> GIVEN RECORDS
· · · · ·

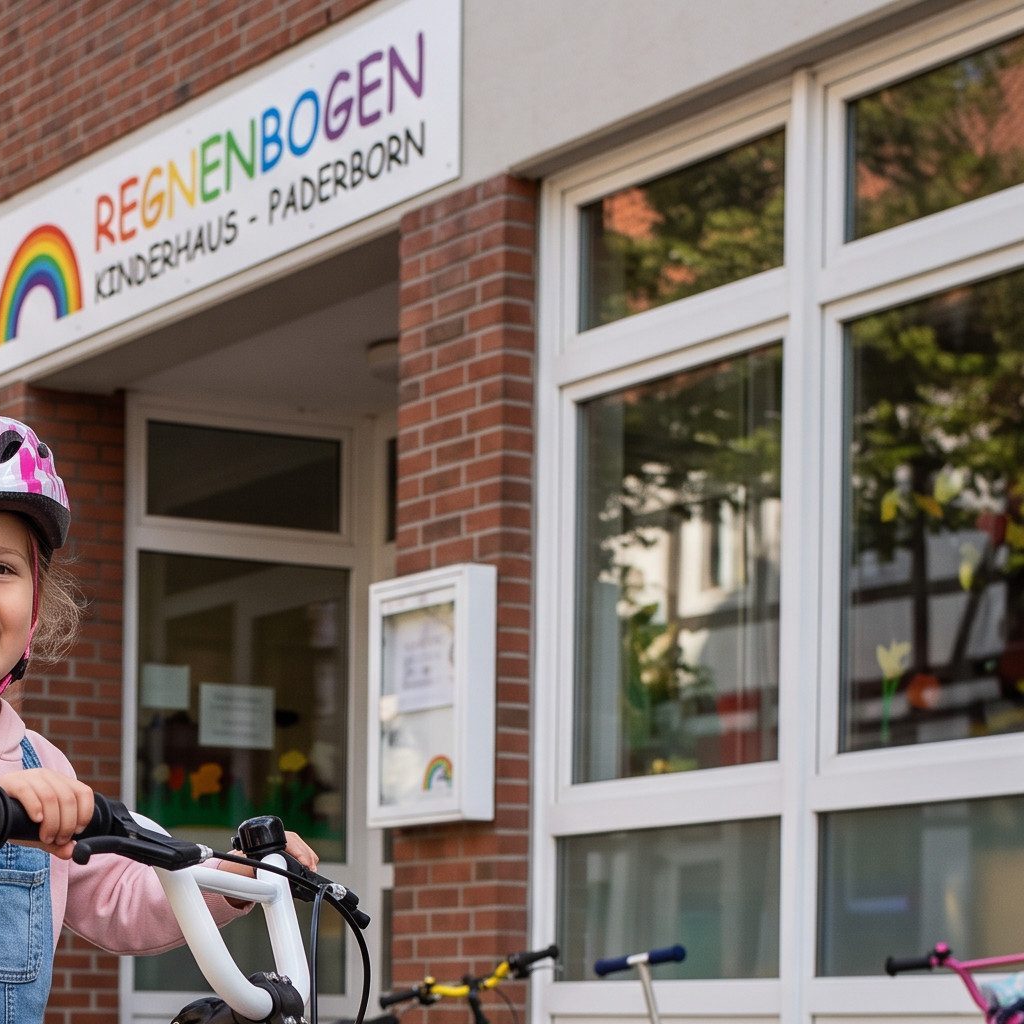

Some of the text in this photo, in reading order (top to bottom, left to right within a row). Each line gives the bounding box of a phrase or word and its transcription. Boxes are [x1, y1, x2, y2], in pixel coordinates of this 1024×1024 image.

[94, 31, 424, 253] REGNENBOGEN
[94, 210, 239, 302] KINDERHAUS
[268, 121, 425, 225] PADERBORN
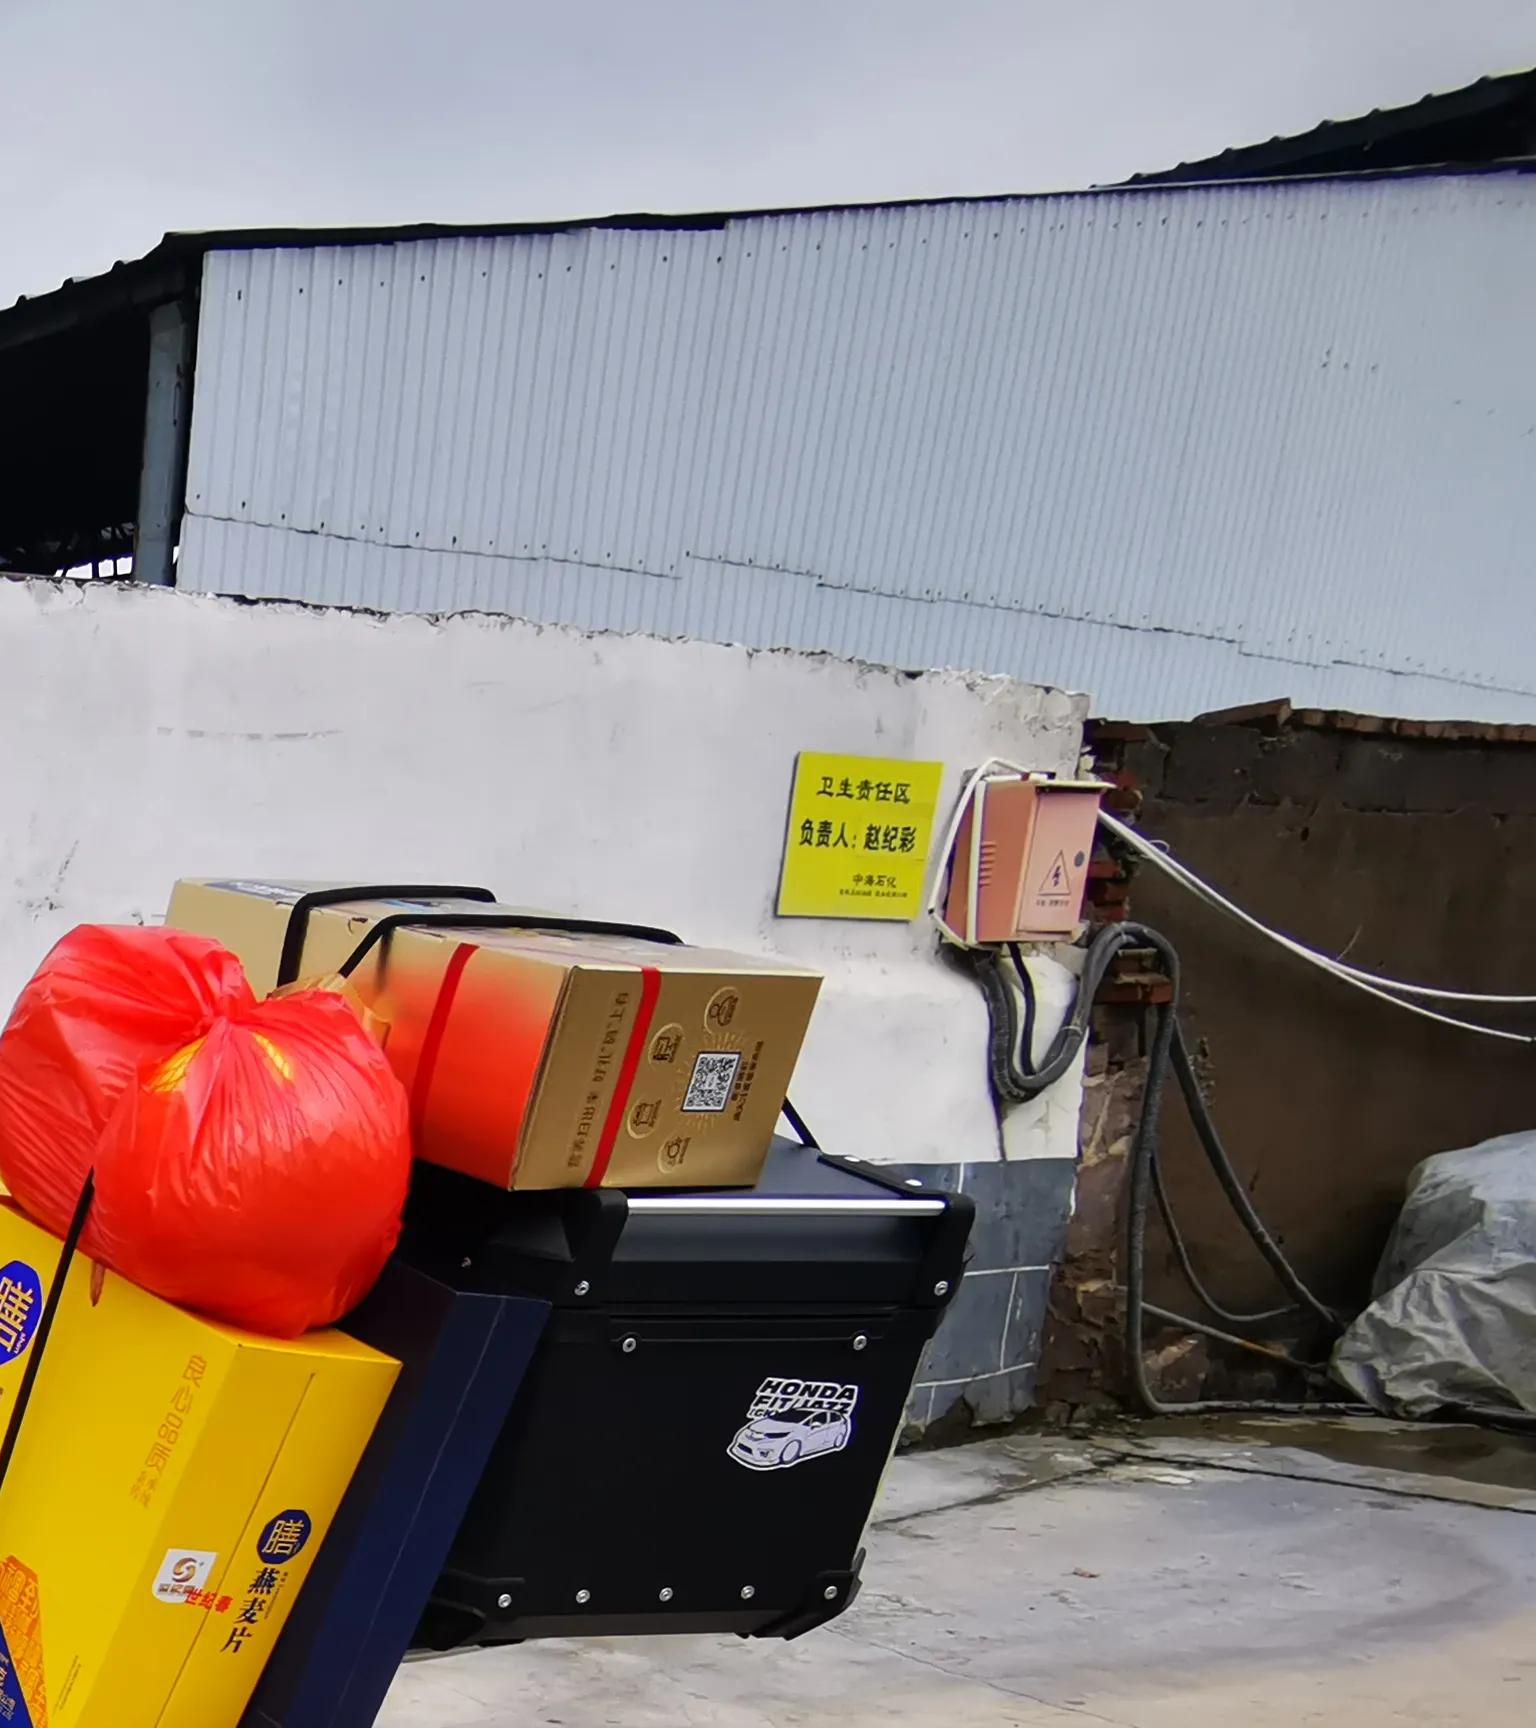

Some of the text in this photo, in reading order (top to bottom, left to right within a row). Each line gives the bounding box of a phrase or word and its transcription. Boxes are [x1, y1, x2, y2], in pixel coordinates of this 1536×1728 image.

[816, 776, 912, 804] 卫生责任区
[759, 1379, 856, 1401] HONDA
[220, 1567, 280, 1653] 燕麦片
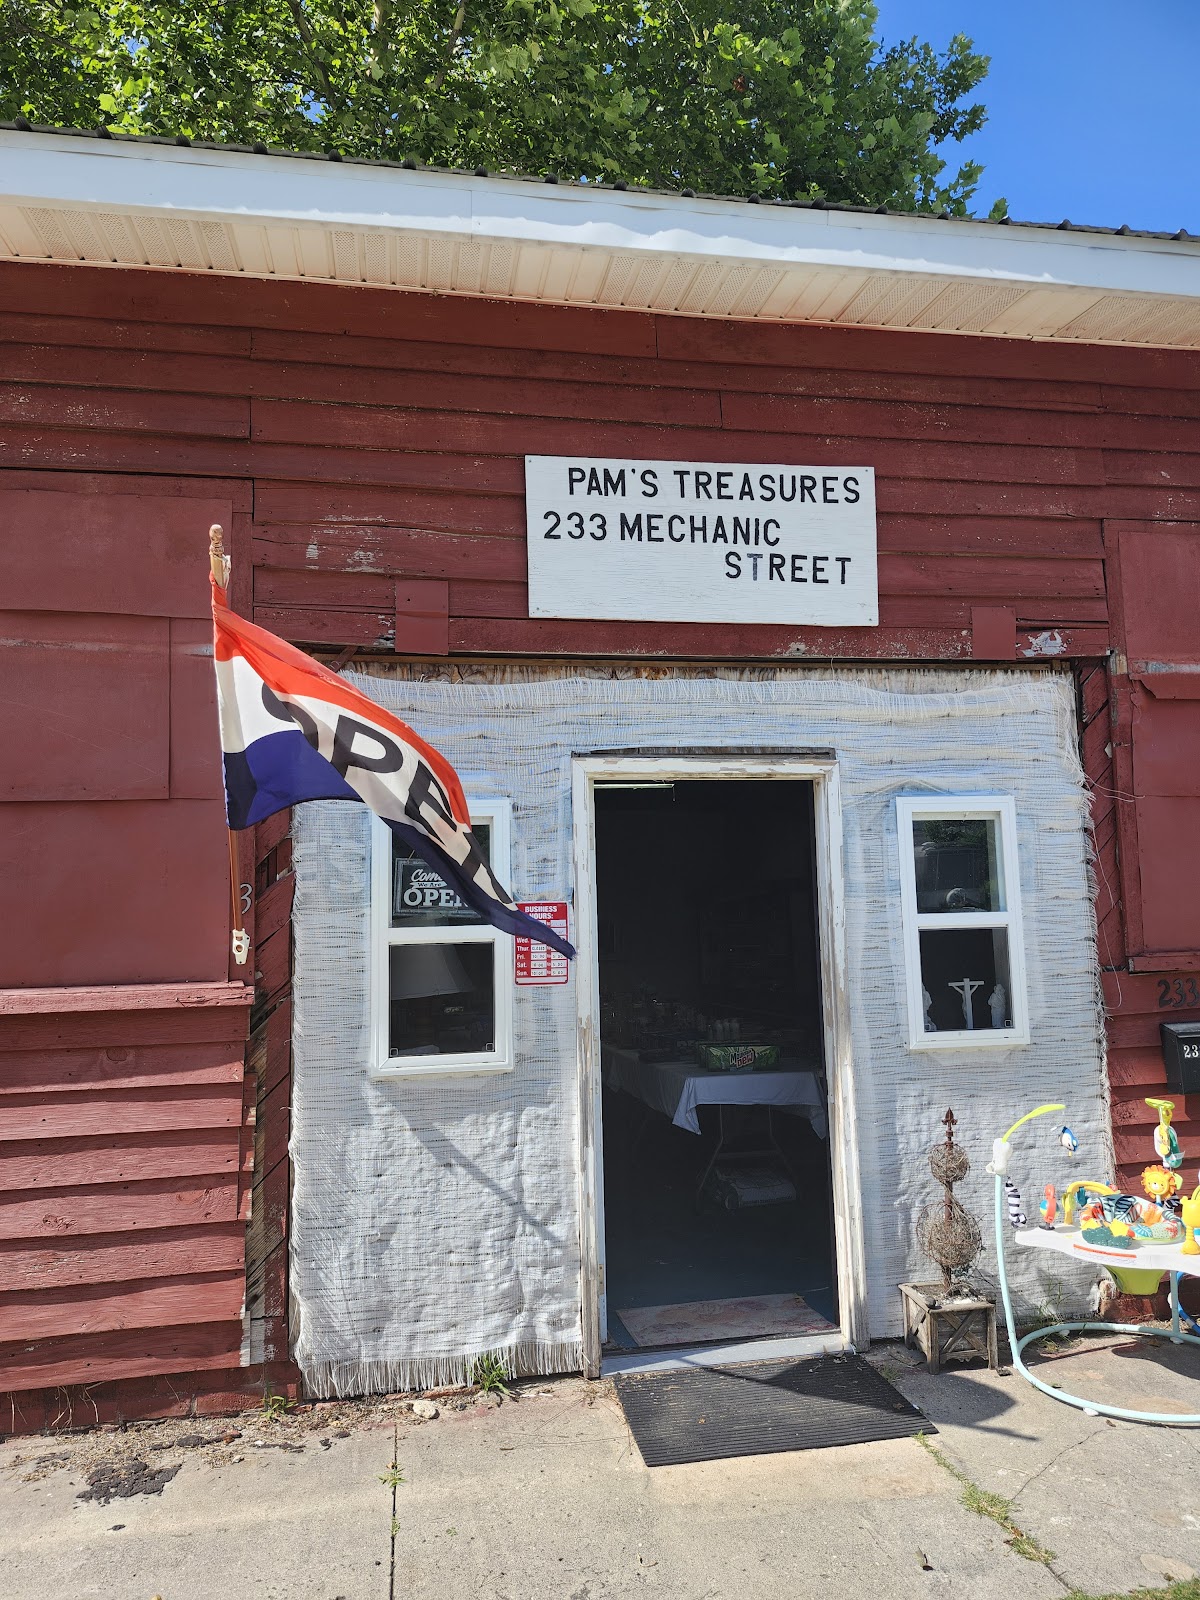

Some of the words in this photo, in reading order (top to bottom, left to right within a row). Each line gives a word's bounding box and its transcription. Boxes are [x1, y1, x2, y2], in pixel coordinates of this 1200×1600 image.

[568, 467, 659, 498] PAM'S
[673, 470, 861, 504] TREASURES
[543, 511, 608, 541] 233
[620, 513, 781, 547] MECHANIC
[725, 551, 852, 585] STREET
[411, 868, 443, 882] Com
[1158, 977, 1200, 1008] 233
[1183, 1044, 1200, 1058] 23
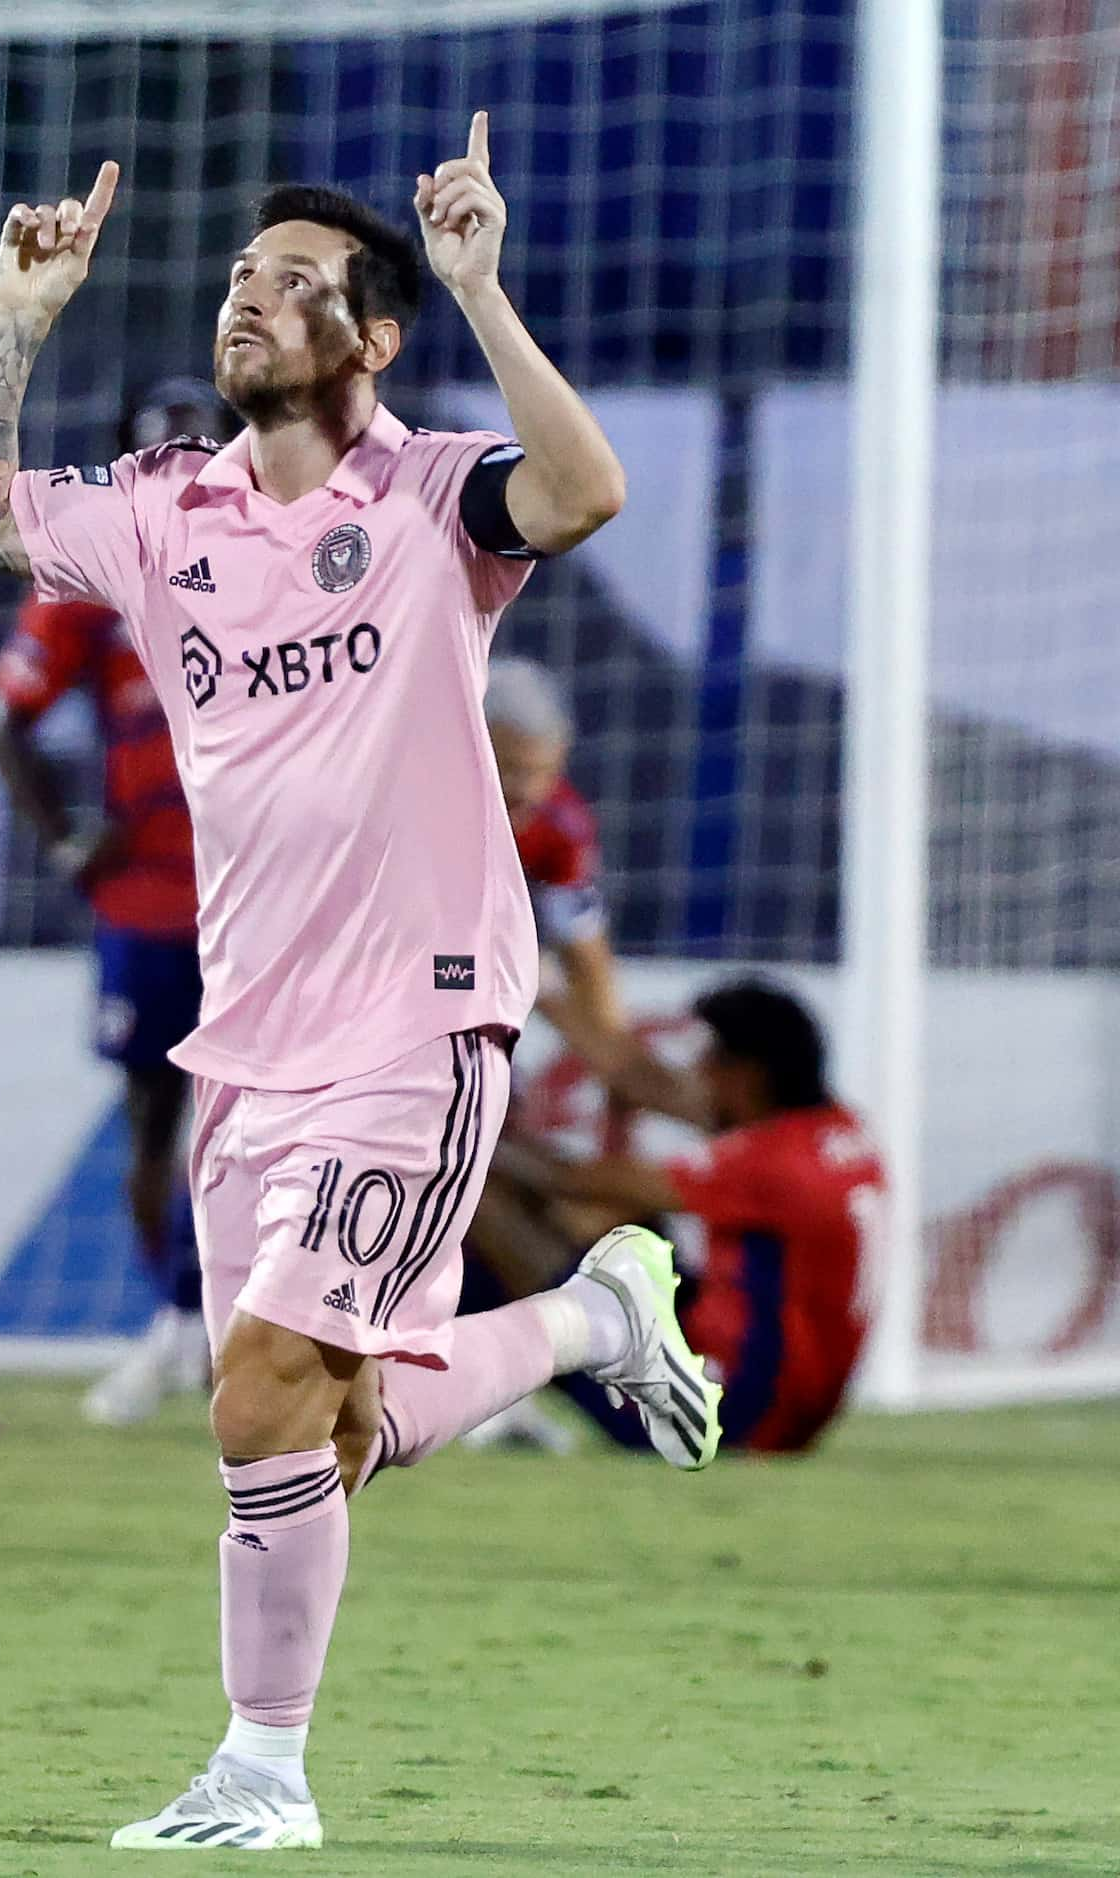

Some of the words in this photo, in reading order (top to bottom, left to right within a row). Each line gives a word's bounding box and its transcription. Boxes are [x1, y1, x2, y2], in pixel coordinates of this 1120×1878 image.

· · · · ·

> TASK
When you copy the entries above, keep every word exactly and omit the images.

> RESPONSE AREA
Some of the text in this photo, in reading order (top to bottom, left to right within a row). Each line gives the bounding box of a phrase or word and its transcription. Boxes are [x1, y1, x2, y2], in pixel coordinates of this 1024×1024 image.

[94, 31, 424, 253] REGNENBOGEN
[94, 210, 239, 302] KINDERHAUS
[268, 121, 425, 225] PADERBORN

Some of the text in this photo, in reading order (top to bottom, left to right within a row). Each line gives the bounding box of a phrase or word and its transcription. Boxes are [x1, y1, x2, y2], in pixel coordinates of this 1536×1728 image.

[816, 776, 912, 804] 卫生责任区
[759, 1379, 856, 1401] HONDA
[220, 1567, 280, 1653] 燕麦片

Some of the words in this photo, in reading order (top to bottom, left to right within a row). Each line gives a word's bounding box and its transcription. Boxes are [x1, y1, x2, y2], in pixel coordinates of this 1200×1600 image.

[568, 467, 659, 498] PAM'S
[673, 470, 861, 504] TREASURES
[543, 511, 608, 541] 233
[620, 513, 781, 547] MECHANIC
[725, 551, 852, 585] STREET
[411, 868, 443, 882] Com
[1158, 977, 1200, 1008] 233
[1183, 1044, 1200, 1058] 23

Some of the words in this photo, in reading order (top to bottom, left to right within a row). Each line gives a word's bounding box and its transcription. Boxes are [x1, y1, x2, y2], in pixel coordinates of this 1120×1878 image.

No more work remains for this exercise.